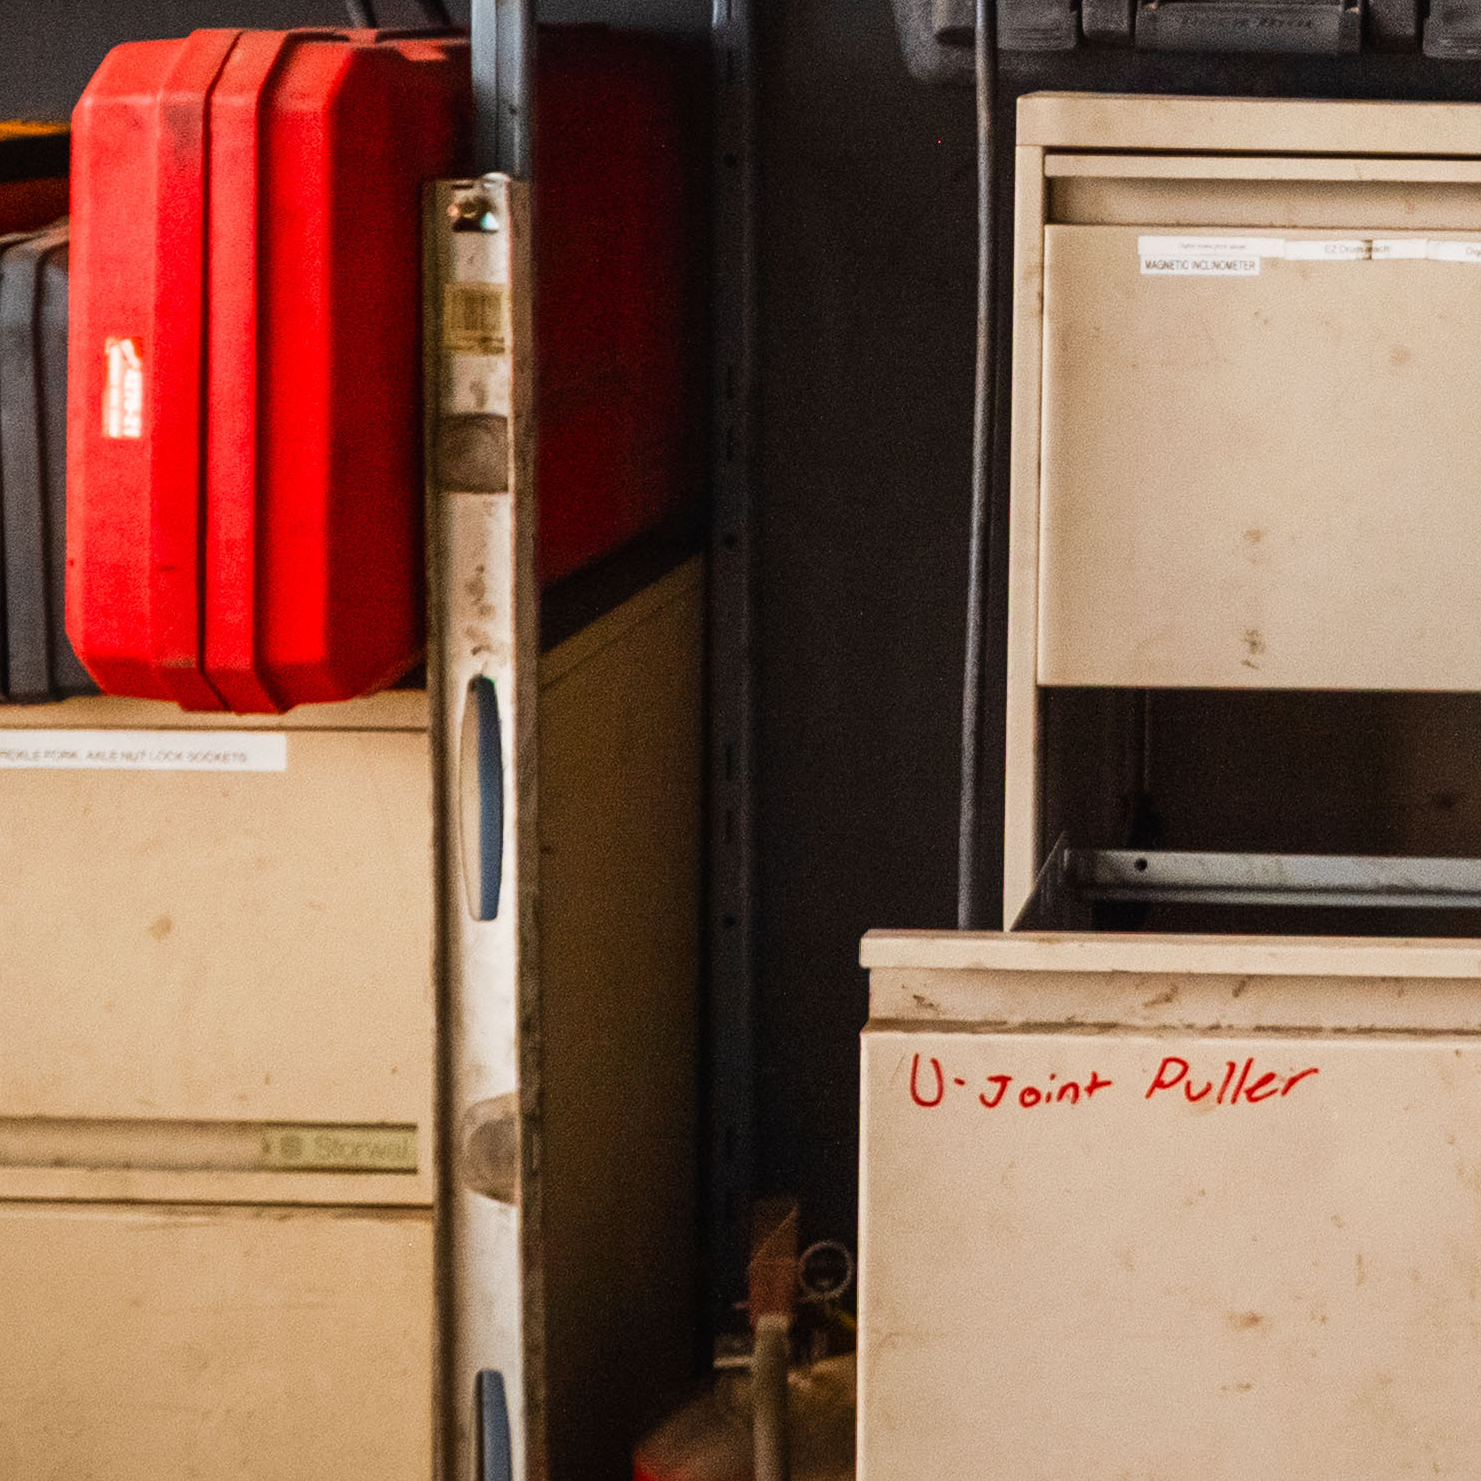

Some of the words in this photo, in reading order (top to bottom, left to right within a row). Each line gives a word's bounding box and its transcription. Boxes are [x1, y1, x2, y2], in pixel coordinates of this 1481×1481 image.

[1145, 259, 1189, 272] MAGNETIC
[1191, 259, 1256, 272] INCLINOMETER
[910, 1053, 1112, 1108] U-Joint
[1145, 1056, 1319, 1105] Puller
.....
» DIRECTIONS:
Transcribe everything above exactly. Do not include the pictures.

» EXERCISE RESULT:
Some of the words in this photo, in reading order (top to bottom, left to right within a row). Each line gives a word's bounding box and its transcription. Boxes are [x1, y1, x2, y2], in pixel coordinates of this 1481×1481 image.

[1145, 259, 1189, 272] MAGNETIC
[1191, 259, 1256, 272] INCLINOMETER
[910, 1053, 1112, 1108] U-Joint
[1145, 1056, 1319, 1105] Puller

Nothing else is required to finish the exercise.